Tesla Model 3 vs Chevy Bolt: the first real electric car battle

Tesla rules the roost in the electric car world right now. Elon Musk took a massive gamble and he’s reaping the rewards, but the competition is coming.

GM has worked feverishly behind the scenes on its battery technology and the Chevy Bolt is going to be the first major contender our of the starting blocks. In fact, it’s going to beat the Tesla it will be fighting against.

Don’t miss: Tesla Model 3: Everything that you need to know

Don’t miss: Chevy Bolt: Everything that you need to know

The Bolt isn’t a luxury car, or a sportscar, or a seven-seat SUV. It’s a functional hatchback. But it will break the 200-mile mark on a single charge and that’s what matters.

The Model 3 is the entry-level Tesla. It’s the car that carries the weight of the company on its shoulders and it’s going to make or break Elon Musk’s fledgling car company.

So how do these two contenders stack up?

Tesla Model 3 vs Chevy Bolt: Launch date

GM’s electric offering is going to beat the Tesla to the market by a full year, at least. GM launched the European version of the Bolt in Paris and it goes on sale on these shores at the end of the year.

Now GM does not play fast and loose with its product rollouts. It has done the development, it already has a production ready car ready to go and you can bank on the Chevy Bolt hitting the showrooms on schedule.


We can’t say the same about Tesla.

Elon Musk is famous for missing deadlines. So while we have a rough timescale of Q4 in 2017 right now, that is subject to change.

Tesla is further ahead in the development schedule than it ever has been on any car, though, and there’s just too much riding on the Model 3 to get it wrong. So we’re going to give the Palo Alto firm the benefit of the doubt and assume this one’s going to be ready to go.

Tesla Model 3

Even if it is, there are so many pre-orders that you could be looking down the barrel of one of the longest wait lists in recent memory if you try and walk into a showroom and buy one when they hit the road.

So the Tesla Model 3 finishes a distant second in this particular battle.

Tesla Model 3 vs Chevy Bolt: Price

The two contenders are separated by just $2,500, but it’s a surprise that the Chevy is the more expensive option.

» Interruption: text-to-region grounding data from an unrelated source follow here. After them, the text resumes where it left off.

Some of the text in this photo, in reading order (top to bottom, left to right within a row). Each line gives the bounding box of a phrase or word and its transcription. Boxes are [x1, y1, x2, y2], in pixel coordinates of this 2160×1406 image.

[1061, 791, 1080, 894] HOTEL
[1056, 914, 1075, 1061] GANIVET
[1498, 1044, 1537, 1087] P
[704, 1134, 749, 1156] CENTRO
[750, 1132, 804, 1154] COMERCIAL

It’s a good looking car, but it just doesn’t have the same premium look as the Tesla. In fact, it looks like a car from a different sector.

So that $37,500 price tag grates a little.

It kind of is a different sector, the Chevy Bolt is a hatchback and psychologically that puts it against cars like the Mazda3, even the Kia Soul. There’s no real brand cache with the Chevy either, so the price tag is a bitter pill.

Tesla has never sold cars this cheap and that is a powerful incentive in itself. Suddenly an exclusive club for early adopters and CEOs has thrown its doors open to the masses. This is Ralph Lauren’s Polo and, assuming there’s no major mishaps along the way, it is going to sell by the bucketload at $35,000.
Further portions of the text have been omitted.